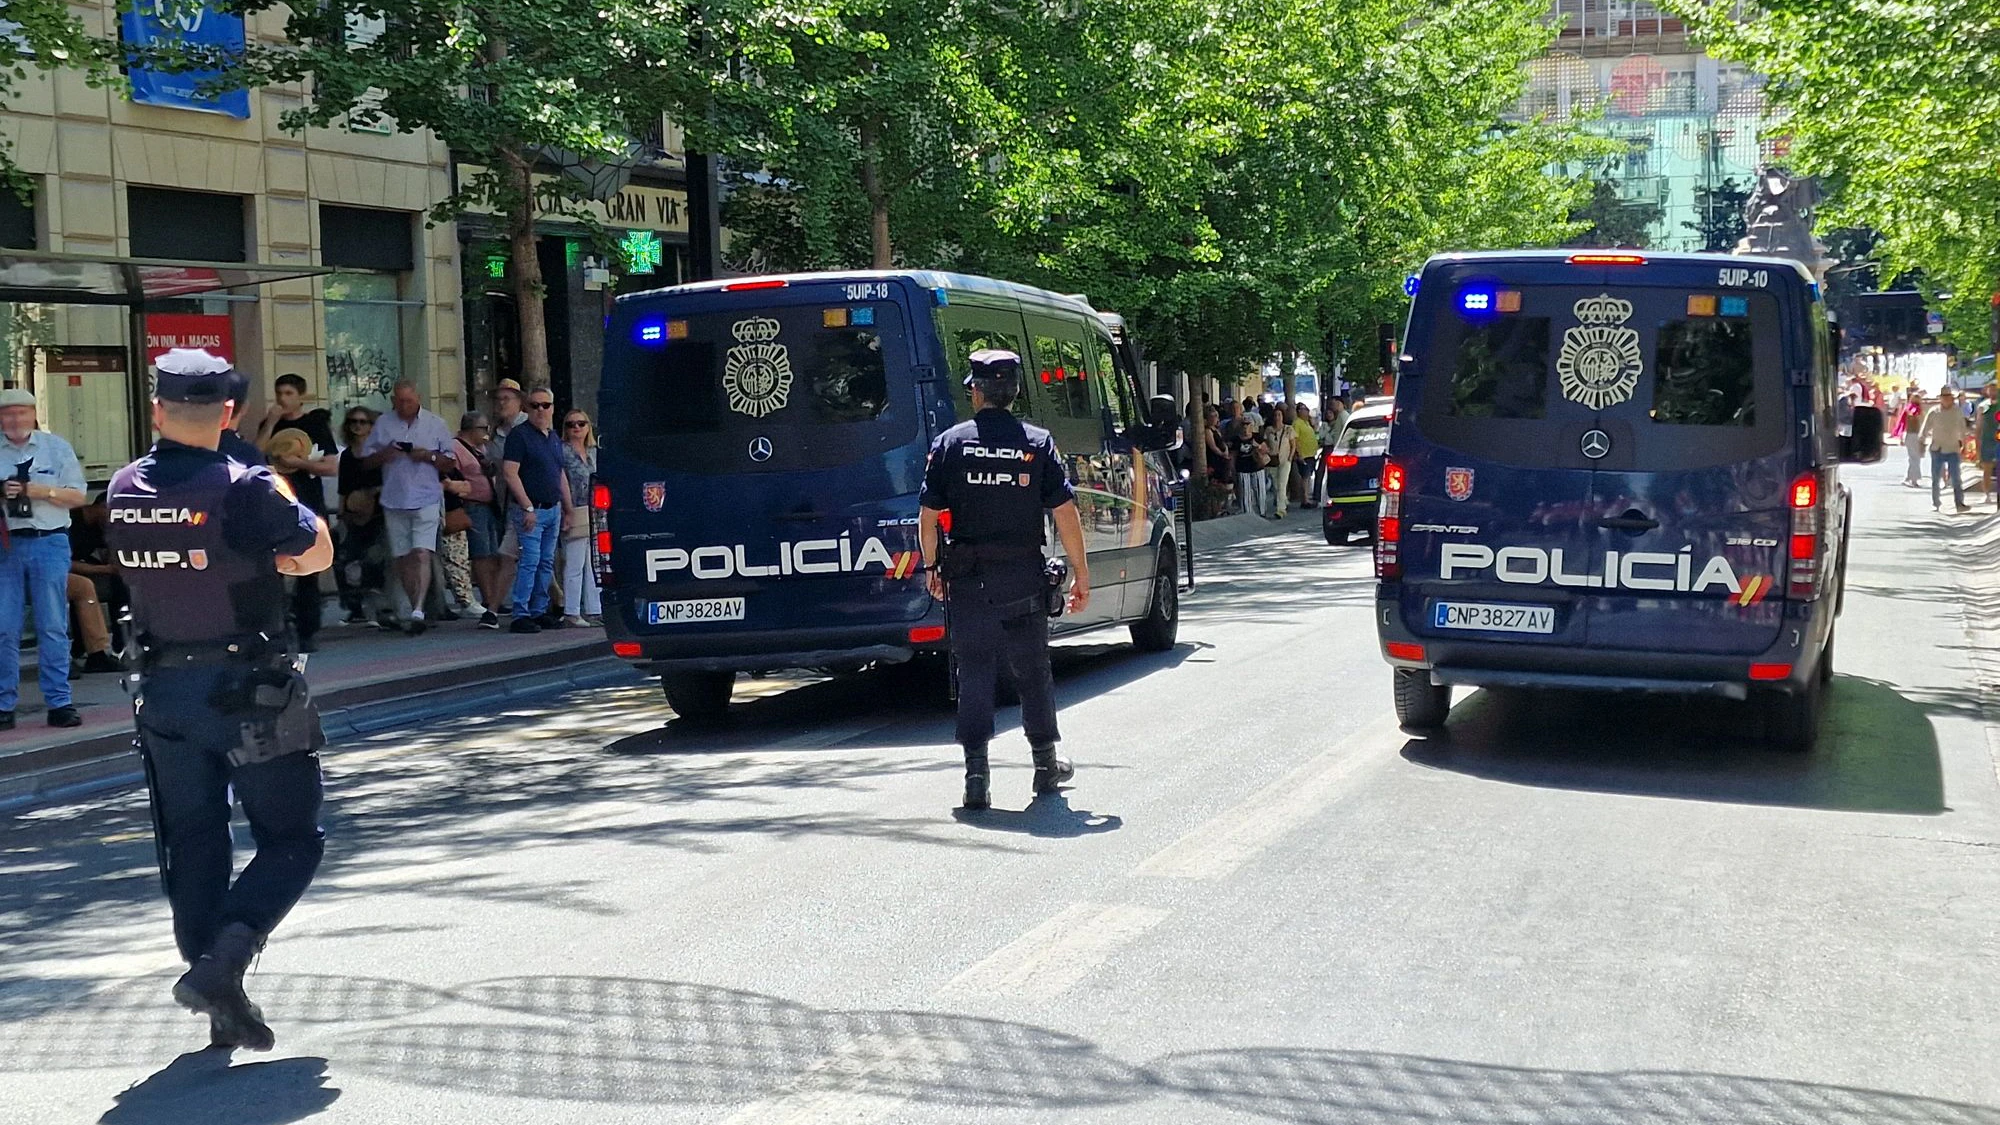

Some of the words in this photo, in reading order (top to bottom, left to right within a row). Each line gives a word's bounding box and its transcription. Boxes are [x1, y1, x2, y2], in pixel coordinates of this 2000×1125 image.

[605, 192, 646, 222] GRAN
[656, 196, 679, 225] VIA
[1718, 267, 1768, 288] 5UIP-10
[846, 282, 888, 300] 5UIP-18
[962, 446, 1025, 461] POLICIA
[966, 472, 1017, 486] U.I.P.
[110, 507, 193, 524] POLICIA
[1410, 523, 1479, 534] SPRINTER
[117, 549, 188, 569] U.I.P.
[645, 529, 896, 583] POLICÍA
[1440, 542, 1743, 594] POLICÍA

--*--

### What the task asks
For this exercise, return the data above exactly and leave every picture out.

### Your response
Some of the words in this photo, in reading order (top to bottom, left to right within a row). Each line gives a word's bounding box and its transcription. Boxes are [x1, y1, x2, y2], in pixel coordinates of this 2000×1125 image.

[605, 192, 646, 222] GRAN
[656, 196, 679, 225] VIA
[1718, 267, 1768, 288] 5UIP-10
[846, 282, 888, 300] 5UIP-18
[962, 446, 1025, 461] POLICIA
[966, 472, 1017, 486] U.I.P.
[110, 507, 193, 524] POLICIA
[1410, 523, 1479, 534] SPRINTER
[117, 549, 188, 569] U.I.P.
[645, 529, 896, 583] POLICÍA
[1440, 542, 1743, 594] POLICÍA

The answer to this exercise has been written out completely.